■ **Exercise goal**
Within the records below, find the line with "Some of the words" and the line with "this 987×1133 image.", then reproduce exactly those two lines and all lines between them, without any picture.
───── Available data
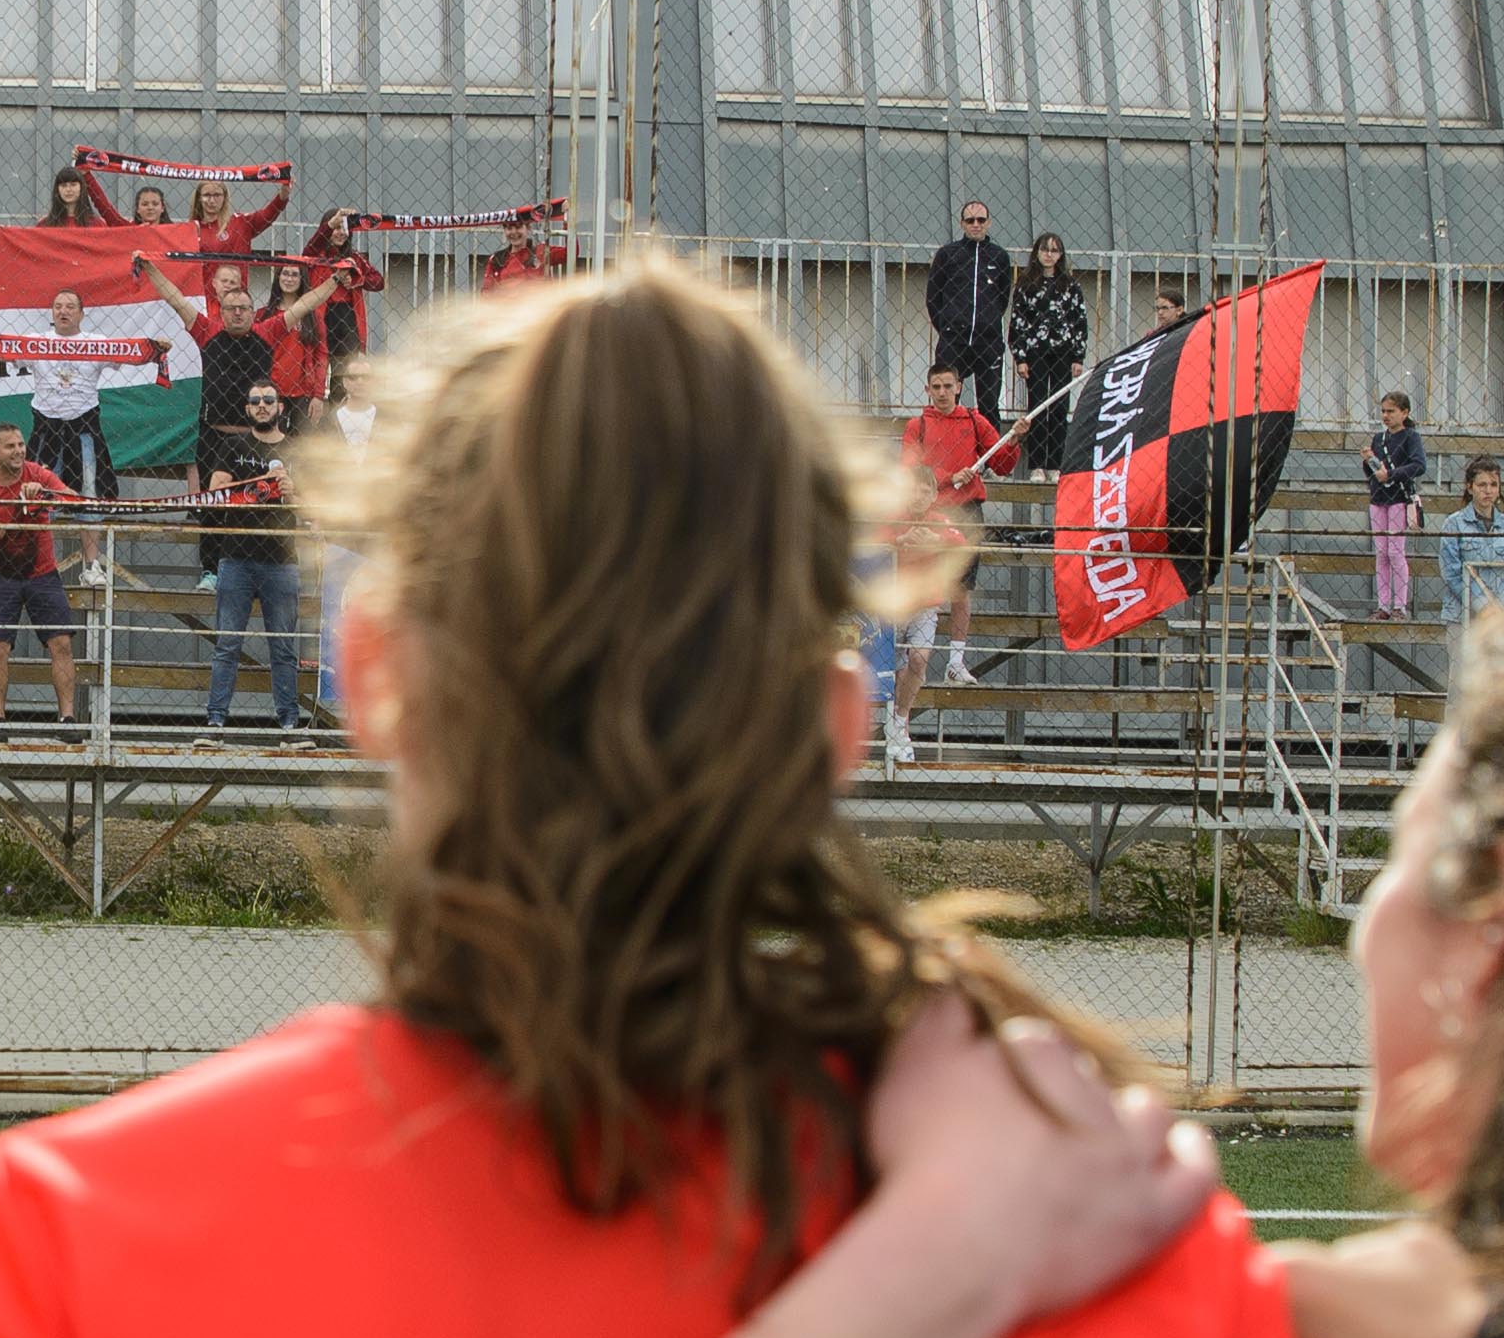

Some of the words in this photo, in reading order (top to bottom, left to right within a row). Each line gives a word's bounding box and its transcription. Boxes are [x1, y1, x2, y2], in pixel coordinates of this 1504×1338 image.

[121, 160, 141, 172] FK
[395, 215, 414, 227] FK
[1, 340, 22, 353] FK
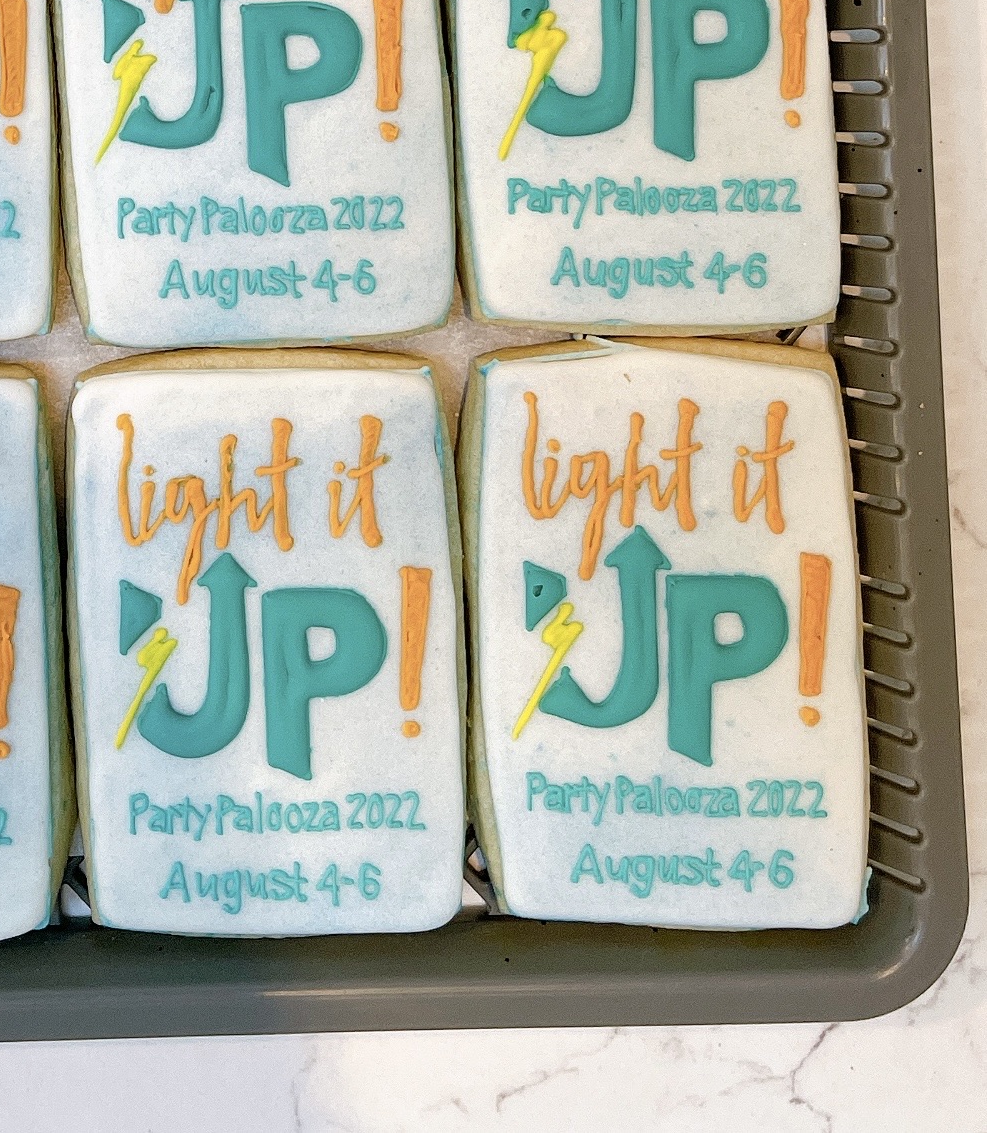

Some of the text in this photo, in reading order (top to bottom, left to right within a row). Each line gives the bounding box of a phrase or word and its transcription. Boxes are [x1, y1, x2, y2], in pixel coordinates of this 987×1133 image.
──────────
───── Available data
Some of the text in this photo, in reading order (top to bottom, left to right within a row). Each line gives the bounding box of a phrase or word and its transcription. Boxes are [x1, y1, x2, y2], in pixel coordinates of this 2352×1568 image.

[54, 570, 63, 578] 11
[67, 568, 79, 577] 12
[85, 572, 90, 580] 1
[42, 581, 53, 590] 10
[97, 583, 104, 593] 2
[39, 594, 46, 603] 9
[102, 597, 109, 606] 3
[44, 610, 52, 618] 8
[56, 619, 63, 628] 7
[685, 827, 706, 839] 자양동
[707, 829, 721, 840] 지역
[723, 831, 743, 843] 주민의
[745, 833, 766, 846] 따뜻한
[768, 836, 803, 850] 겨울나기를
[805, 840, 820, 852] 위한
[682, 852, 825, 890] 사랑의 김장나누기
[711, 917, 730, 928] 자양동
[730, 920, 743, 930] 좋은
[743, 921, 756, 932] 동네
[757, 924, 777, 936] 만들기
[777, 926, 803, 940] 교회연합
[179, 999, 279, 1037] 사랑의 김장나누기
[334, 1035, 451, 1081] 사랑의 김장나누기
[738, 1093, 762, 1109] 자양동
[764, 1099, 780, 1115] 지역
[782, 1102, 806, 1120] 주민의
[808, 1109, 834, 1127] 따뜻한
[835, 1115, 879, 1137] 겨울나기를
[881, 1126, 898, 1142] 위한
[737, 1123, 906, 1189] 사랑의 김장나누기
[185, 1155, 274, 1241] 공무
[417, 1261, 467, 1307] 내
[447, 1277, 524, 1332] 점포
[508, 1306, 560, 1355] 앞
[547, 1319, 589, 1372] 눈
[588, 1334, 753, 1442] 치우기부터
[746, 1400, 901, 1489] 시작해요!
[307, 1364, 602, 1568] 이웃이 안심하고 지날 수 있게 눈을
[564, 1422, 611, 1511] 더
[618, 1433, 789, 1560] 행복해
──────────
■ **Task output**
Some of the words in this photo, in reading order (top to bottom, left to right within a row). Each line gives a word's bounding box and its transcription. Boxes are [x1, y1, x2, y2], in pixel coordinates of this 1504×1338 image.

[121, 160, 141, 172] FK
[395, 215, 414, 227] FK
[1, 340, 22, 353] FK

Some of the text in this photo, in reading order (top to bottom, left to right within a row). Each line gives the bounding box of a phrase or word and its transcription. Boxes are [x1, y1, x2, y2], in pixel coordinates of this 987×1133 image.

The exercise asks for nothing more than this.